In an effort to help all families and their children cope, Houston contracted last year with Turnaround for Children, a group that works to make schools more responsive to children affected by trauma.
The organization was founded by Pamela Cantor, a child psychiatrist who conducted a major study about the traumatic effects of the Sept. 11, 2001, terror attacks among students at New York public schools. She found the most profound symptoms of post-traumatic stress were not in the neighborhoods surrounding ground zero, but in the poorest pockets of the city.
“We observed that poverty itself was an adversity in children's lives, a trauma,” Cantor said.
In an initial meeting, Seaward brought a list of 34 students — more than 10 percent of the school's enrollment — who were thought to have acute mental health needs.
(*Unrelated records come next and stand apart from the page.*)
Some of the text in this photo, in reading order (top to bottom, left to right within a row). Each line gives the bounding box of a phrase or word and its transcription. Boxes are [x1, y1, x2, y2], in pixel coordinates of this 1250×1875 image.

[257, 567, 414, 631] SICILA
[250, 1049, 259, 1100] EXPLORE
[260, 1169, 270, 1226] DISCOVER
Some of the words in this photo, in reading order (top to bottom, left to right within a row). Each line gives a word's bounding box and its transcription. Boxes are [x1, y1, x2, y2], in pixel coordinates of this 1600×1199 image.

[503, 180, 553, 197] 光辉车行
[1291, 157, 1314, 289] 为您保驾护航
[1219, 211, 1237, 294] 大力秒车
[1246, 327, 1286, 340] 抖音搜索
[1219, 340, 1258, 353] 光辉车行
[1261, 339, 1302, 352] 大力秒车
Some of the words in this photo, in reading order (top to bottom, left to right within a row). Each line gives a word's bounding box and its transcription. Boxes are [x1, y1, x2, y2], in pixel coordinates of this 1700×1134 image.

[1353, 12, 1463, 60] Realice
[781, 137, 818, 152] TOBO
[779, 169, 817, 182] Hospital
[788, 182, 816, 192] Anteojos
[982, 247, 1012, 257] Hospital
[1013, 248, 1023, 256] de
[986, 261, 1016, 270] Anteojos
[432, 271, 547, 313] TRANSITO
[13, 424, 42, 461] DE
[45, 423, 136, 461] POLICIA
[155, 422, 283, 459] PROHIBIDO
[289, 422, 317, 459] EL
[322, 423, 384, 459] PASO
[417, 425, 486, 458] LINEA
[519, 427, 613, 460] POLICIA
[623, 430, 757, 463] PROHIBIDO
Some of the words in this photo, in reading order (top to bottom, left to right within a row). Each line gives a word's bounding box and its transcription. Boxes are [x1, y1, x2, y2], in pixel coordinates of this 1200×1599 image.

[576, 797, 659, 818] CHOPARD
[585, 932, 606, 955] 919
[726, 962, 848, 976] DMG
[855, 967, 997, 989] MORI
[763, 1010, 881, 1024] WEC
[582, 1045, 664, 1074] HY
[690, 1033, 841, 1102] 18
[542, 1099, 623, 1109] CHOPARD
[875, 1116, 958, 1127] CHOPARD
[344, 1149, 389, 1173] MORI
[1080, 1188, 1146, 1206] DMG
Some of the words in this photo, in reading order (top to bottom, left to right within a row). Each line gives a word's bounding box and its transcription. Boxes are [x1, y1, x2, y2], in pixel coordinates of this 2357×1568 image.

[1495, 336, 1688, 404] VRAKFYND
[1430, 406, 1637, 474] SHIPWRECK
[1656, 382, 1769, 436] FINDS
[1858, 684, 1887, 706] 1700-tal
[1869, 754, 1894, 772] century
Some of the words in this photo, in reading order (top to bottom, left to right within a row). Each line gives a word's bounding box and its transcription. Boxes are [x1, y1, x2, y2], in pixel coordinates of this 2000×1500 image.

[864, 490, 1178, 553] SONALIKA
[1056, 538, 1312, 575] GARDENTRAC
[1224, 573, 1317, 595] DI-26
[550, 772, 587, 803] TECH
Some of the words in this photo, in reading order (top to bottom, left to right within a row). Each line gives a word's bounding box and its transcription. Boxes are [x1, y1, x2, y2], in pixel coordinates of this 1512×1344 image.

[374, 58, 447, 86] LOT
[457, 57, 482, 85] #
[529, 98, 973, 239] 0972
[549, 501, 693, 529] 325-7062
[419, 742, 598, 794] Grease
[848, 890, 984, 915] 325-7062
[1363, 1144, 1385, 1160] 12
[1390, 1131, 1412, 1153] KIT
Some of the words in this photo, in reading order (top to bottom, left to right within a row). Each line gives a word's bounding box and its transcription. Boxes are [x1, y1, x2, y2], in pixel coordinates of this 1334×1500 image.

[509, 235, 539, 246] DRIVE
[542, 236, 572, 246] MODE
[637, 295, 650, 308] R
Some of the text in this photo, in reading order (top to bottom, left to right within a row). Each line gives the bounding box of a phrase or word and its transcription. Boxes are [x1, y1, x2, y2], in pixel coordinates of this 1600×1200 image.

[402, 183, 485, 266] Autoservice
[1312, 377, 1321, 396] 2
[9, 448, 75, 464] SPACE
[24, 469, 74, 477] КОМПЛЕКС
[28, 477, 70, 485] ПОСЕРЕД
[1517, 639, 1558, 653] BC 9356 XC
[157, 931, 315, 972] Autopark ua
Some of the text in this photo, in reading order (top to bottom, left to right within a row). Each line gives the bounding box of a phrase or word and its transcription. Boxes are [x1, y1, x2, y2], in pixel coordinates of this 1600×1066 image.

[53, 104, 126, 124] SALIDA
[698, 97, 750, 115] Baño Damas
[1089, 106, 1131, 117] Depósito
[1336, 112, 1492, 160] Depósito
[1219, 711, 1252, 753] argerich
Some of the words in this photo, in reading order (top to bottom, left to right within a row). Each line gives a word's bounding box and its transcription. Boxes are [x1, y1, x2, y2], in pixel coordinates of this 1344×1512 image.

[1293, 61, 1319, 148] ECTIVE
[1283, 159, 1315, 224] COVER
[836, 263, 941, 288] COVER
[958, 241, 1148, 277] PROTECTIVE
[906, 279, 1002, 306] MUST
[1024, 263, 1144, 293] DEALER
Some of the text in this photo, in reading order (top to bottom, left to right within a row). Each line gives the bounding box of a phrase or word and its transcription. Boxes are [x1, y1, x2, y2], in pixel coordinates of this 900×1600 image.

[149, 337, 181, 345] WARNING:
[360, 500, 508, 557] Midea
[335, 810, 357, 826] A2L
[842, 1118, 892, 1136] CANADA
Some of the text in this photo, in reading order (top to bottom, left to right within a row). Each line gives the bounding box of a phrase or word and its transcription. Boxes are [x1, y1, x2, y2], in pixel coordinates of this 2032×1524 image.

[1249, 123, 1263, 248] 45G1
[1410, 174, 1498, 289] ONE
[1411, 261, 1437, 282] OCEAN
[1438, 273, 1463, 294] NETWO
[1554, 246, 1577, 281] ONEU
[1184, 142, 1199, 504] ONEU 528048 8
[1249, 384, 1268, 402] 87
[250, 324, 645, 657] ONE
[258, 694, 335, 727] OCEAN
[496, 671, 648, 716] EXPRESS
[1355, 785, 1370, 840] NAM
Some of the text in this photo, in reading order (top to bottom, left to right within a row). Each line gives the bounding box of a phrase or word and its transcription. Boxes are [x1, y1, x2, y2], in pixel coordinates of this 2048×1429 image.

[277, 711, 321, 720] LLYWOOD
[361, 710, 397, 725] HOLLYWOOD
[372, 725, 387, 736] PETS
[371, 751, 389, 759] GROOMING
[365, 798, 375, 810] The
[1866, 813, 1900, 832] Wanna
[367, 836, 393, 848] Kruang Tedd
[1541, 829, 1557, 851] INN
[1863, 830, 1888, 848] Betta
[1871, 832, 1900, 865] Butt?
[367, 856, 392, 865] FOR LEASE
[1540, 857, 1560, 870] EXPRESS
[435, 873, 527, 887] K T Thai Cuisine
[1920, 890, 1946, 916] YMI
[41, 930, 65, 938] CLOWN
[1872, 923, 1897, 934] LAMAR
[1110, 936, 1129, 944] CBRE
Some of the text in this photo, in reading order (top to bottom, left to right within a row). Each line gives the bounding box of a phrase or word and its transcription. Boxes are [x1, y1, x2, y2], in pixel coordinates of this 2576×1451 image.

This year, Turnaround brought in an outside mental health provider, including an additional social worker who has a full caseload of 20 families.
An instructional coach trained teachers about toxic stress and how the same heart-thumping surge of adrenaline that can save a life also can cause children to lash out at seemingly minor provocations.
In weekly sessions, teachers practiced setting clear expectations and maintaining a calm classroom and demeanor. The goal is to limit disruptions and de-escalate conflicts to give students a chance to learn to calm down.
School suspensions have been reduced significantly in the first year of the partnership, from 76 last year to 19 this year, and a survey showed dramatic improvements in how school staffers perceive the school's climate. Last spring, just a third of employees said they thought students felt physically safe in the building, compared with 94 percent this spring.
Experts say children can recover from adversity, particularly when they have an adult they can trust to help them manage the stress.
At Houston, that person for many children is Darryl Webster, the school's social worker.
Webster has started a grief and trauma counseling group for children who have lost relatives. He also conducts play therapy, which helps children process feelings they have a hard time addressing.
On a recent morning, Webster got a second-grader out of class who was depressed and not talking. They walked upstairs to a room full of toys. The boy picked out a board game, and the two sat on the floor and played until he was relaxed and smiling. Later, the student went to a table stocked with toy figures, and he picked out a pretend hypodermic needle and two cigarettes. He brought them over to the sand table, took out a plastic shovel and buried them in the sand.
Another day, Webster led four squirming little boys toting yoga mats into the library for a meditation session. They giggled at the New Age music on his cellphone, did somersaults and tried to roll themselves up in the mats.
Eight-year-old Tevin was there, the only one who was still and listening as Webster told the group to let go of their worries and fears and concentrate on their breathing.
Webster asked how he was feeling. “Happy,” Tevin said.
He turned his face to the wall and closed his eyes, while Webster continued: “We are on a mountain. It's a beautiful sunny day. Now take out your wings and fly.”